**Data section**
+===+

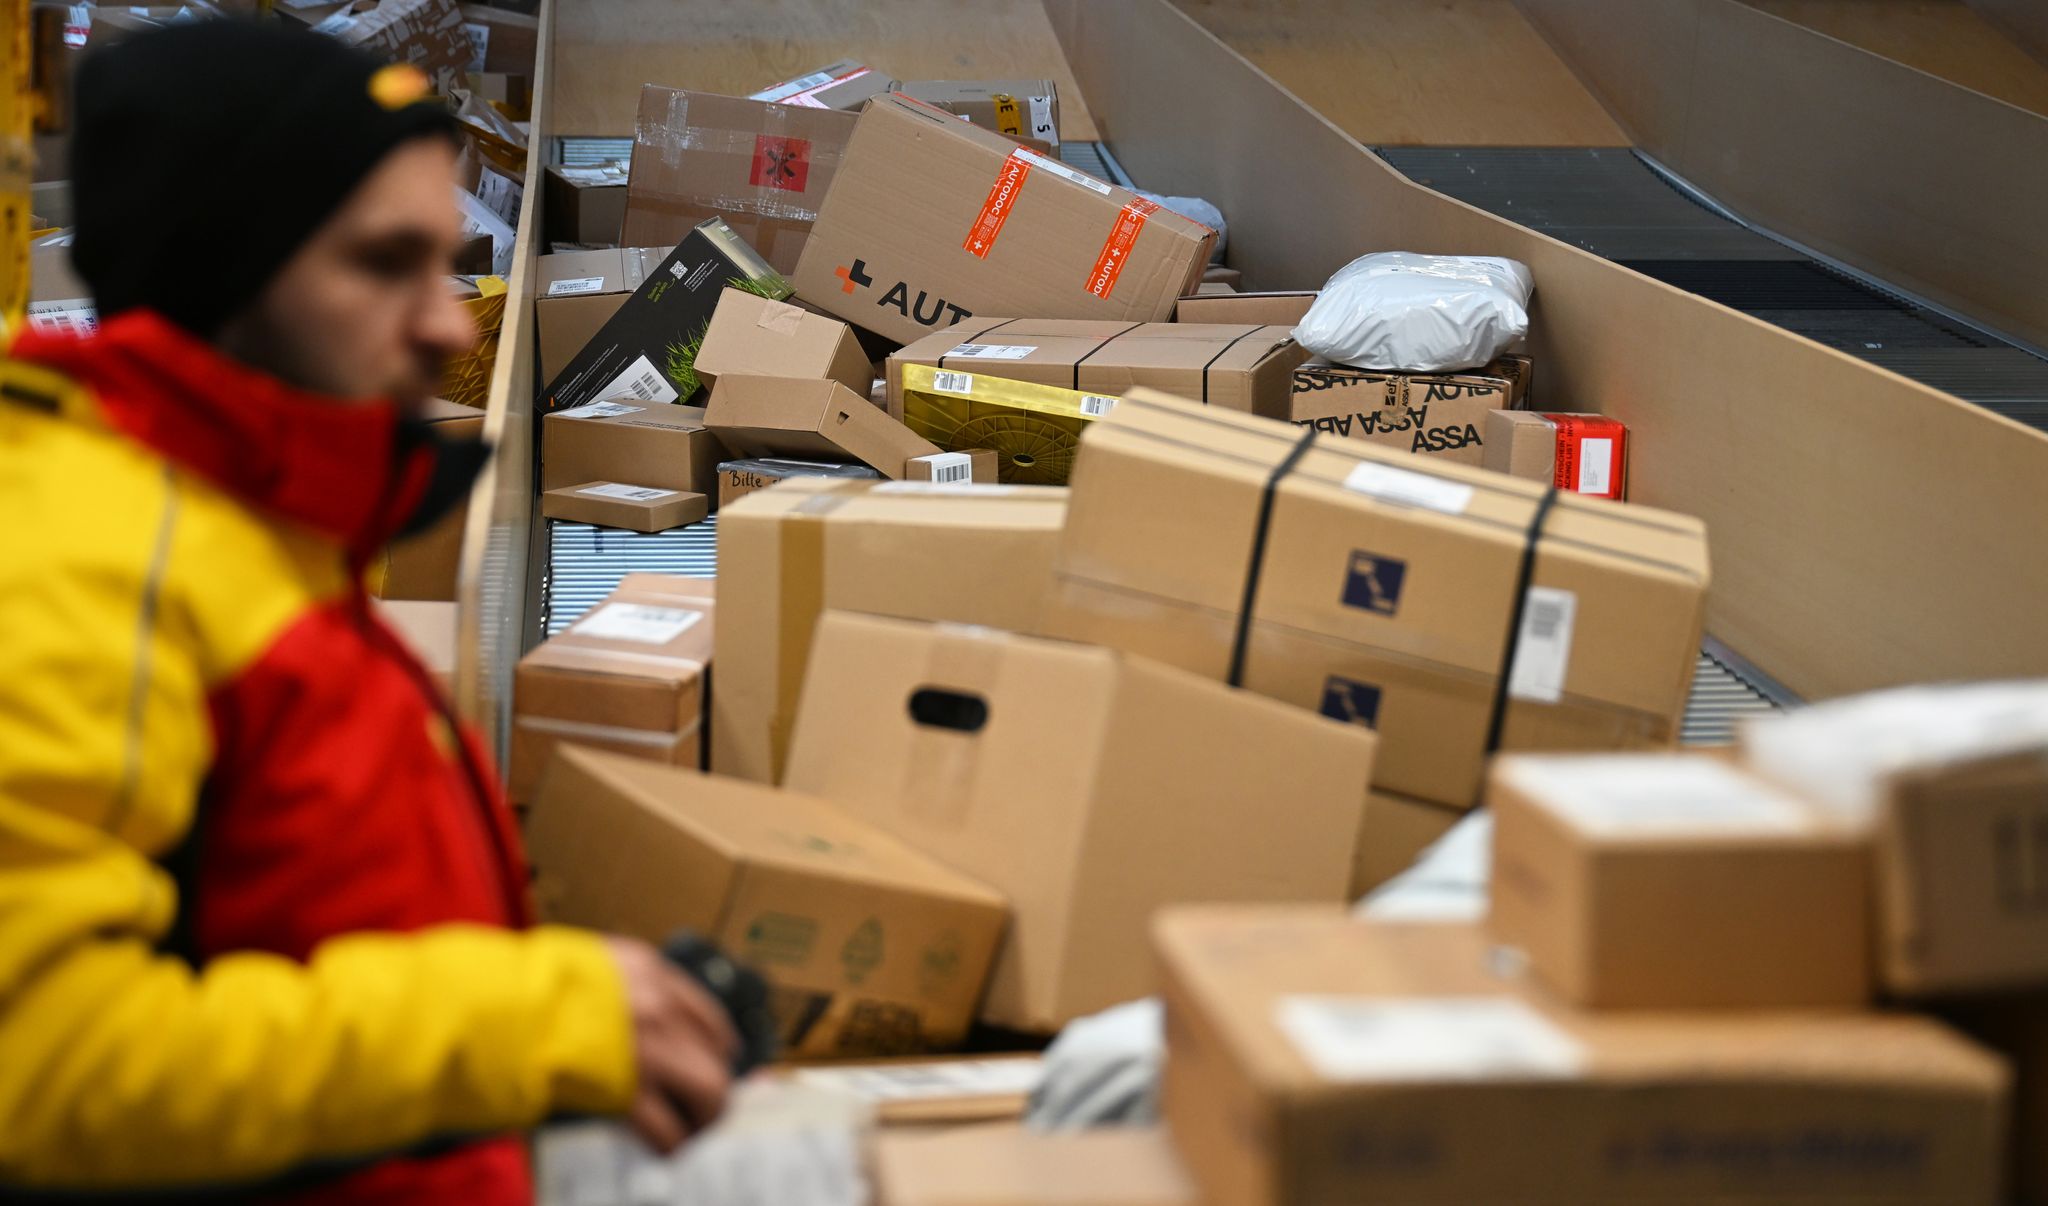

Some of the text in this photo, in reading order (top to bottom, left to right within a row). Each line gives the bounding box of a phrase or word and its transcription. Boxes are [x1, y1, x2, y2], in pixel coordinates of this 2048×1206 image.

[991, 164, 1020, 216] AUTODOC
[1093, 258, 1115, 296] AUTOD
[877, 281, 972, 326] AUT
[1291, 415, 1352, 437] ABL
[1411, 424, 1482, 453] ASSA
[729, 471, 763, 488] Bitte

+===+

**Your instructions**
Since the copy must hold no pictures, repeat everything else in the records exactly as written.

**Exercise result**
Some of the text in this photo, in reading order (top to bottom, left to right within a row). Each line gives the bounding box of a phrase or word and its transcription. Boxes are [x1, y1, x2, y2], in pixel coordinates of this 2048×1206 image.

[991, 164, 1020, 216] AUTODOC
[1093, 258, 1115, 296] AUTOD
[877, 281, 972, 326] AUT
[1291, 415, 1352, 437] ABL
[1411, 424, 1482, 453] ASSA
[729, 471, 763, 488] Bitte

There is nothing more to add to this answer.